Yes. Every template is fully editable in FormHug: add or remove fields, upload product images, adjust pricing, reorder sections, and add your branding. You can also use FormHug’s AI form builder — describe your products or services in plain language and it generates the appropriate field structure, including product cards, quantity selectors, and price configuration, without manual setup.

What’s the difference between the Order Form and the Product Order Form?

The Order Form is the more general template — useful when you have a simple offering or a single product and want a clean, flexible structure. The Product Order Form is designed for catalog-style selling: multiple products displayed with images and prices, where customers browse and select before checking out. If you’re selling one type of service or a single item, start with the Order Form. If you have a product catalog with multiple distinct items, use the Product Order Form.

Are these order form templates free to use?

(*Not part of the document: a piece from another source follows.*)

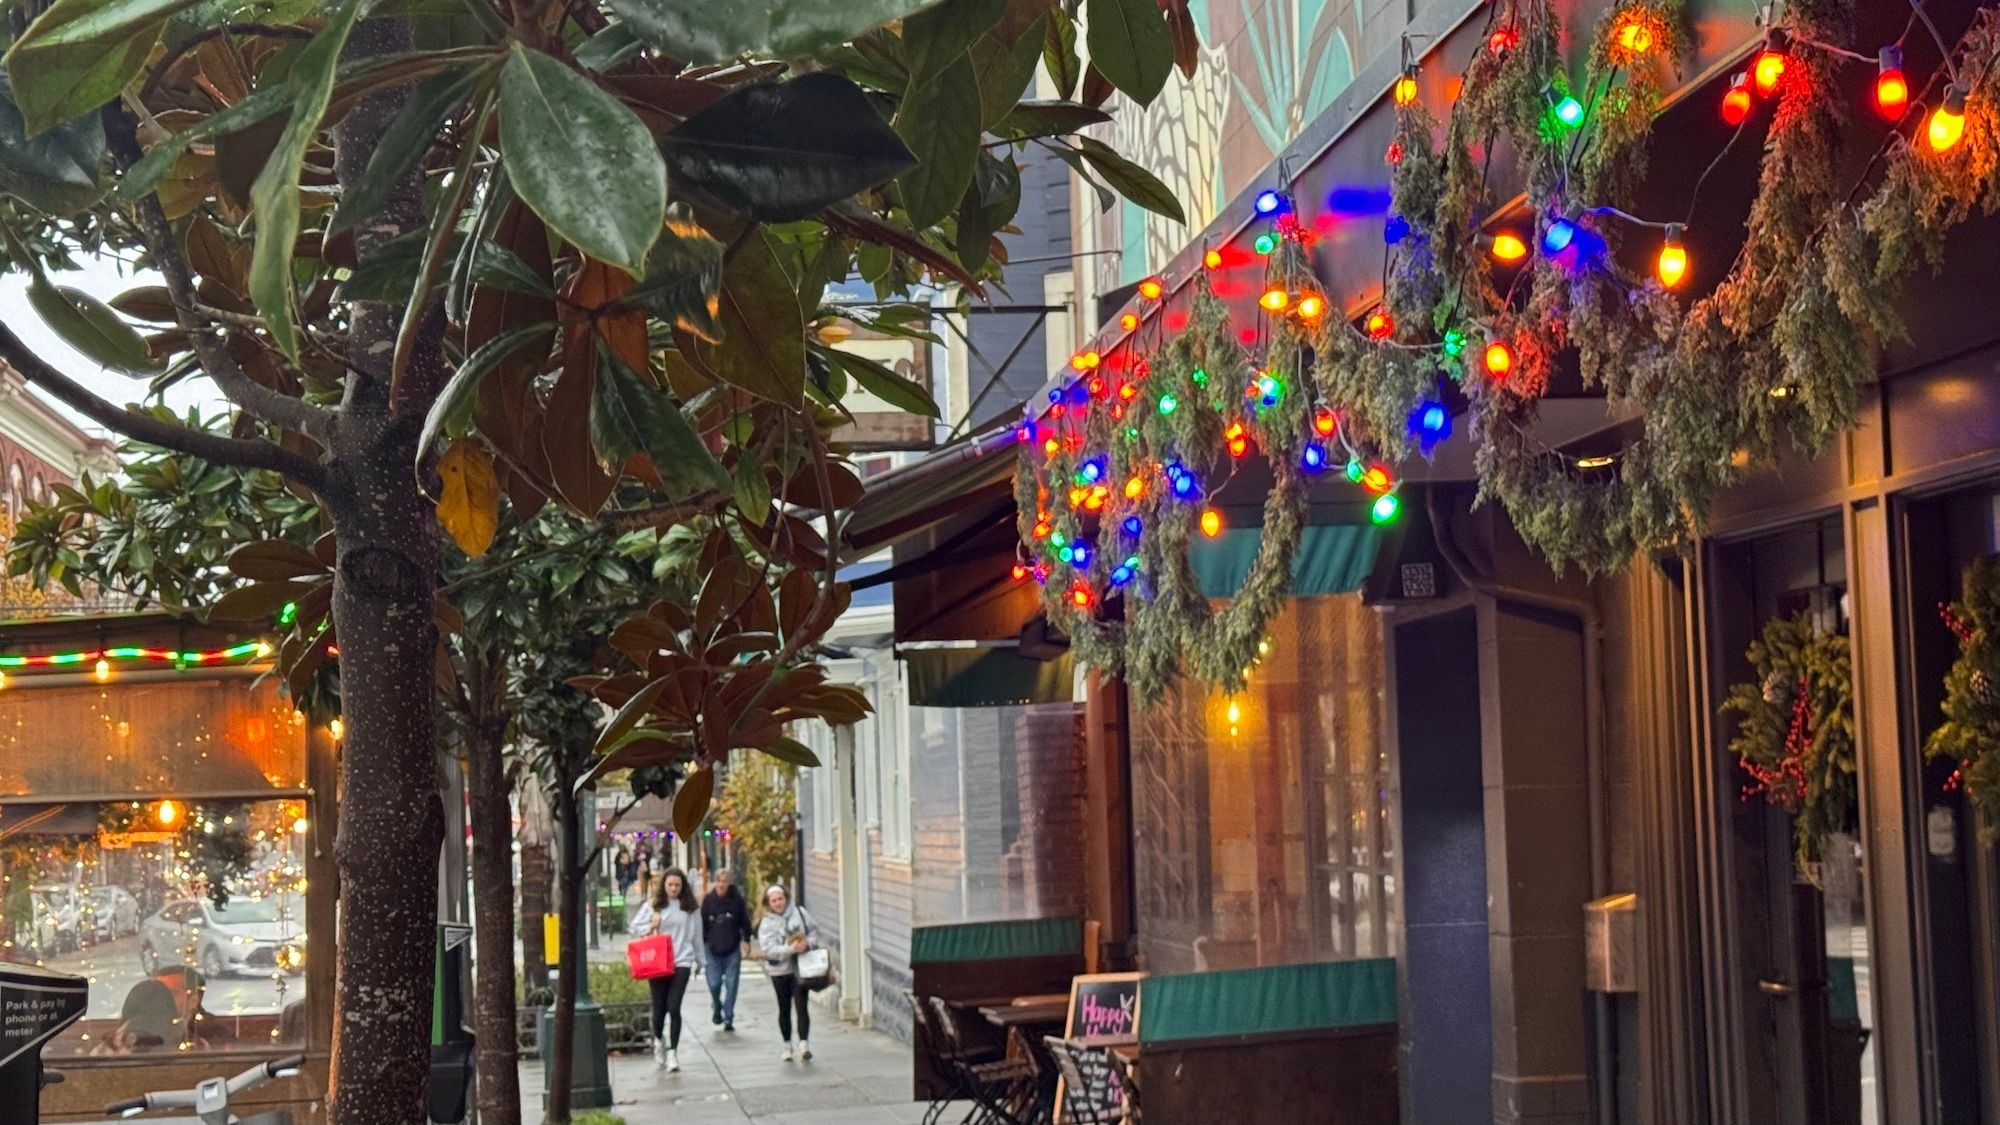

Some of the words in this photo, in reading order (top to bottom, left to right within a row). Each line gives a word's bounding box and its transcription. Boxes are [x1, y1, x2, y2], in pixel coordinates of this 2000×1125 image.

All 13 templates are free to access and customize in FormHug. You can edit fields, configure products, set pricing, and publish without a paid subscription. Payment collection requires a connected Stripe account. FormHug’s Pro plan removes any platform transaction fee, leaving only Stripe’s standard processing rate.

Can I embed an order form on my existing website?

Yes. FormHug forms can be embedded on any website using a script tag or iframe — no coding required. The embedded form maintains the Stripe inline checkout experience, so customers complete the full order and payment without leaving your site. Forms can also be shared as standalone links (for email campaigns, social posts, or messaging apps) or opened in a popup overlay triggered by a button on your page.